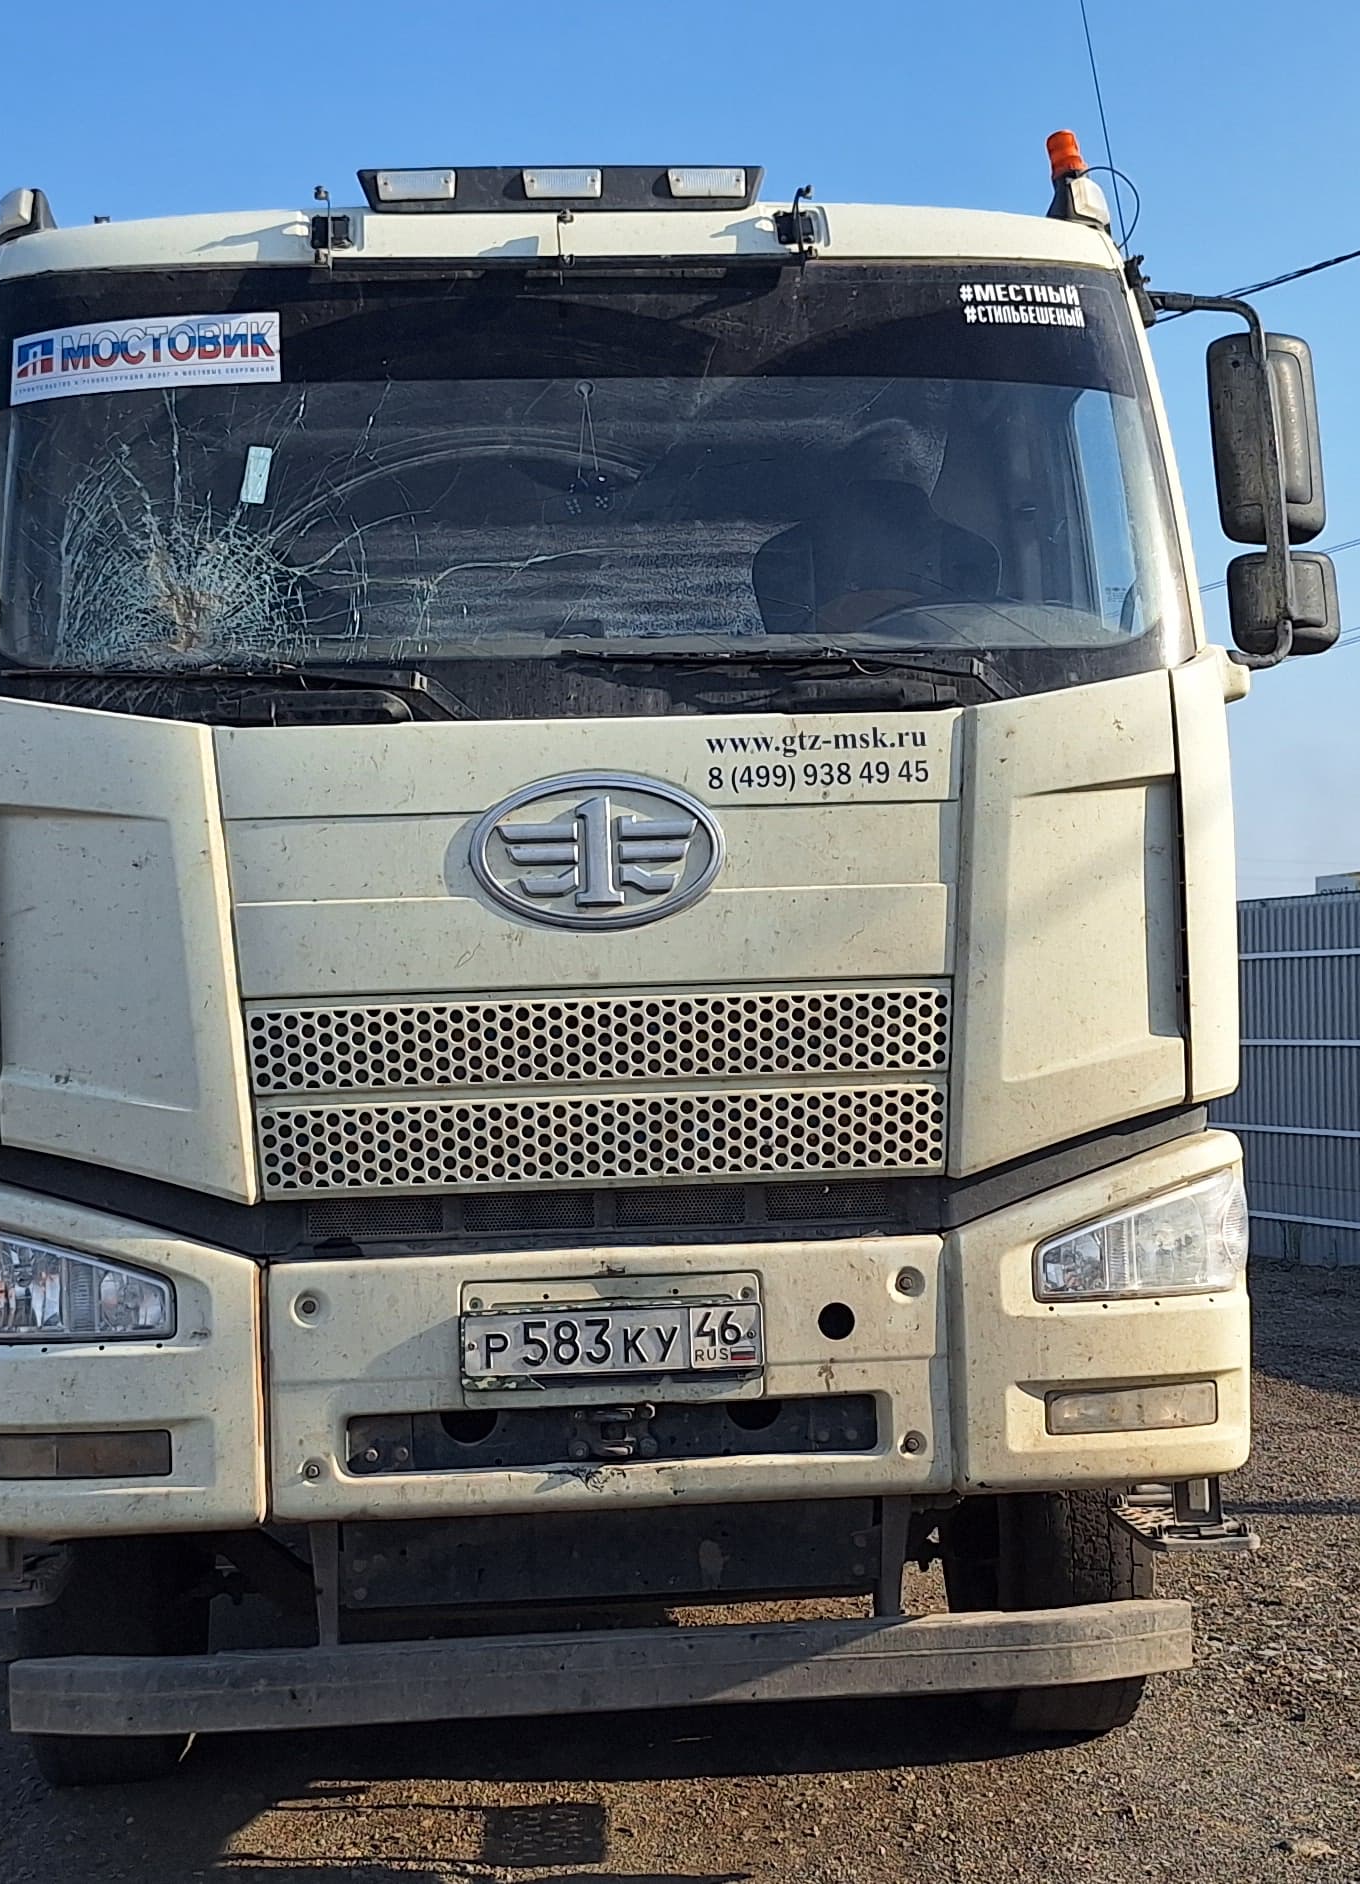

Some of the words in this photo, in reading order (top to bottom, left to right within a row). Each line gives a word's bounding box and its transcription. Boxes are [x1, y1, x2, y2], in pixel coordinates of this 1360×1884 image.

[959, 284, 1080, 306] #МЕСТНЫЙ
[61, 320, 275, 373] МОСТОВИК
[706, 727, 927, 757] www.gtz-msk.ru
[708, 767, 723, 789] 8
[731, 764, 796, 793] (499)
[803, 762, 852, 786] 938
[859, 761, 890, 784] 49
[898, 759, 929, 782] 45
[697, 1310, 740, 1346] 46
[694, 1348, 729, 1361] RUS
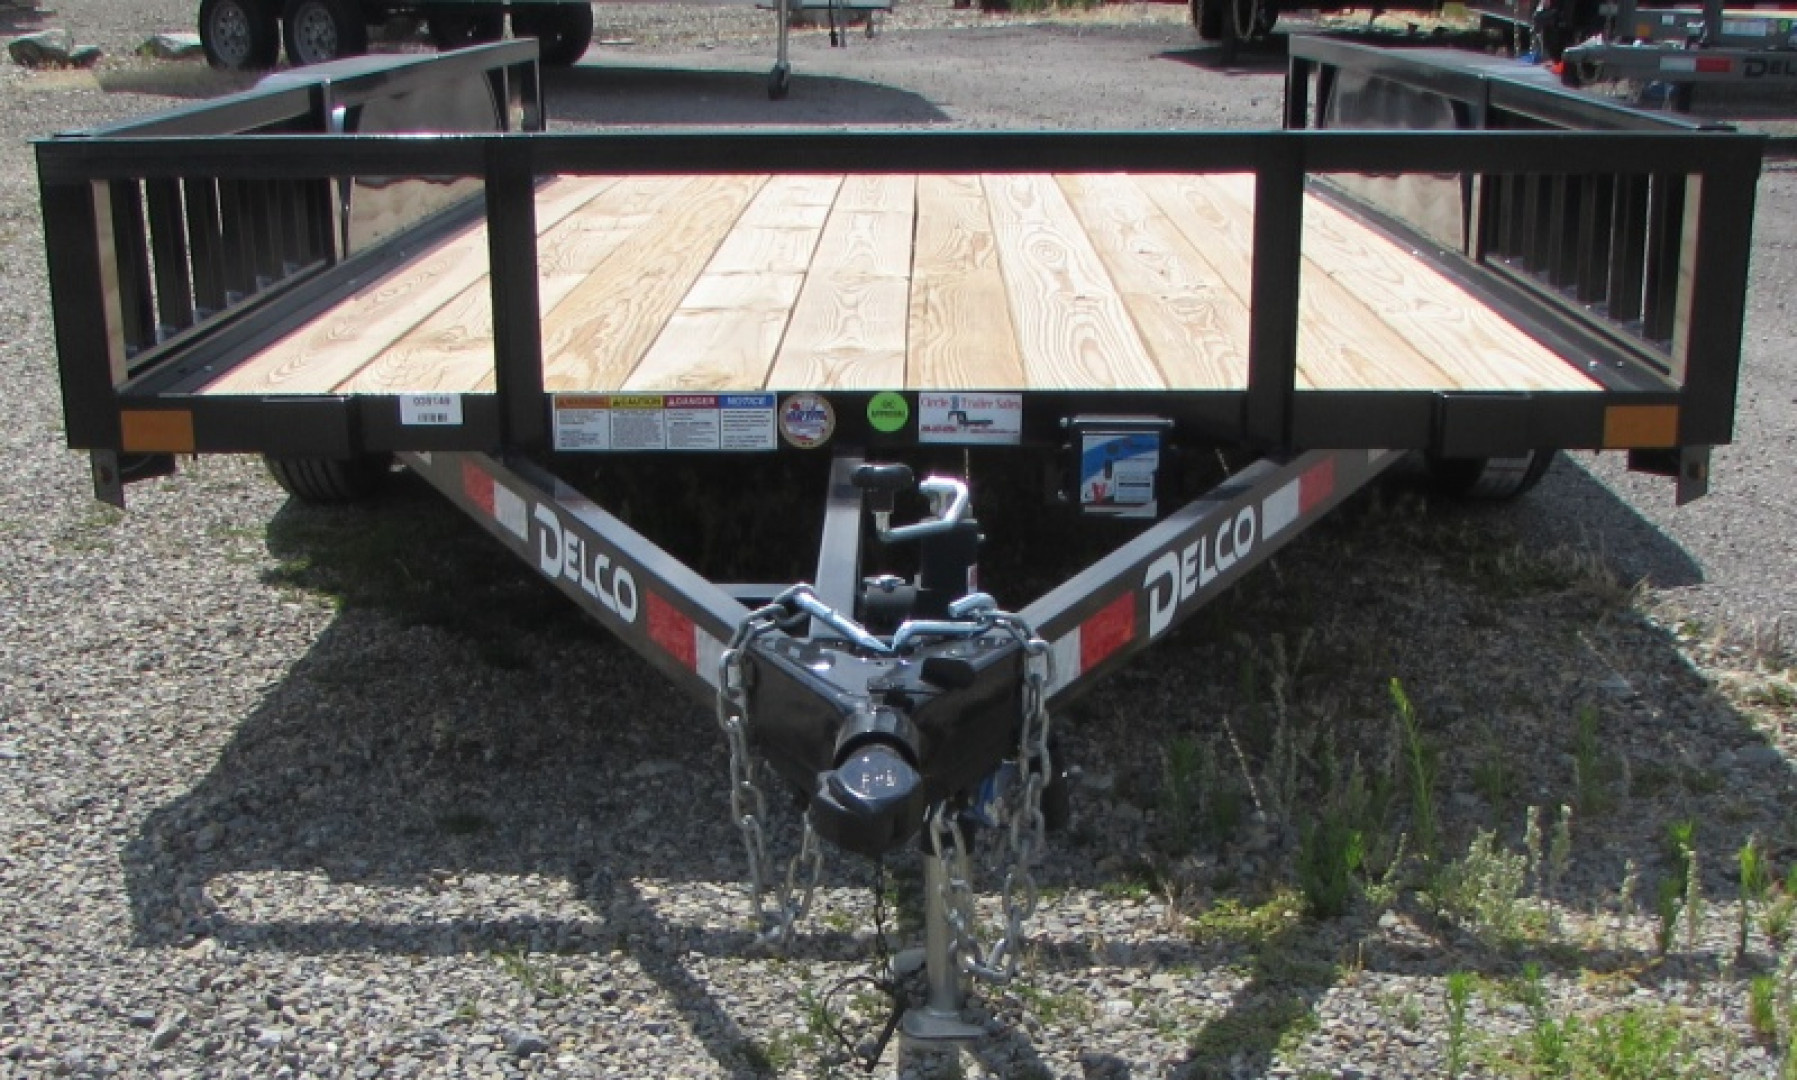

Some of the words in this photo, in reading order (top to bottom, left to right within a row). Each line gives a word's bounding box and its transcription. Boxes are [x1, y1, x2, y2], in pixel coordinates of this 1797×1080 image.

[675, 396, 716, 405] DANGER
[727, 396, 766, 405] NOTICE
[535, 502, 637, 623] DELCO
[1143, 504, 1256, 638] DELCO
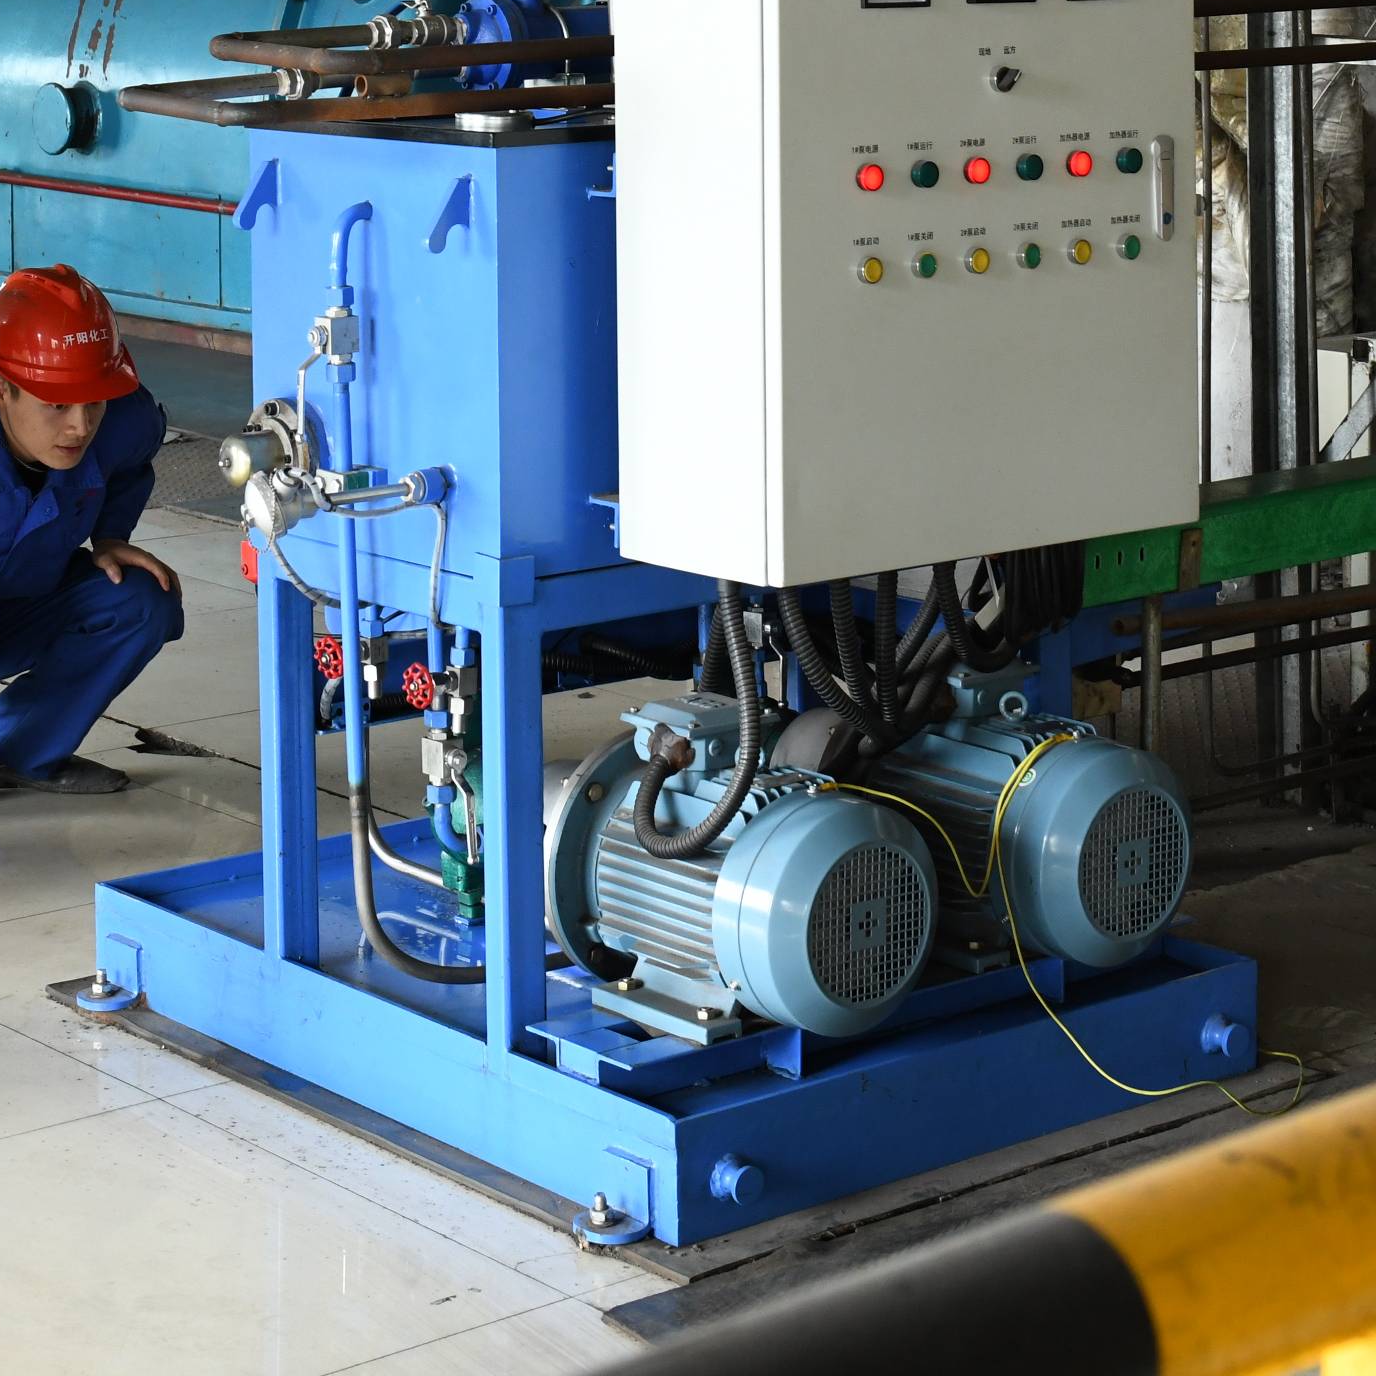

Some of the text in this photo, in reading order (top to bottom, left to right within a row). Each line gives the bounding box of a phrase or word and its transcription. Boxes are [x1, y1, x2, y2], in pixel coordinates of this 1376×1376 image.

+ + + + +

:: TASK DESCRIPTION ::
The records above need to be given again exactly. Omit the pictures.

:: ANSWER TO THIS EXERCISE ::
Some of the words in this photo, in reading order (top to bottom, left to right within a row). Each line gives a word's bounding box and its transcription. Boxes are [x1, y1, x2, y2], in pixel coordinates of this 1360×1884 image.

[959, 284, 1080, 306] #МЕСТНЫЙ
[61, 320, 275, 373] МОСТОВИК
[706, 727, 927, 757] www.gtz-msk.ru
[708, 767, 723, 789] 8
[731, 764, 796, 793] (499)
[803, 762, 852, 786] 938
[859, 761, 890, 784] 49
[898, 759, 929, 782] 45
[697, 1310, 740, 1346] 46
[694, 1348, 729, 1361] RUS

Some of the words in this photo, in reading order (top to bottom, left to right within a row). Each line gives a word's bounding box and its transcription. Boxes are [x1, y1, x2, y2], in pixel coordinates of this 1797×1080 image.

[675, 396, 716, 405] DANGER
[727, 396, 766, 405] NOTICE
[535, 502, 637, 623] DELCO
[1143, 504, 1256, 638] DELCO

Some of the text in this photo, in reading order (top to bottom, left to right within a row). Each line gives the bounding box of a phrase or word and its transcription. Boxes are [x1, y1, x2, y2], in pixel coordinates of this 1376×1376 image.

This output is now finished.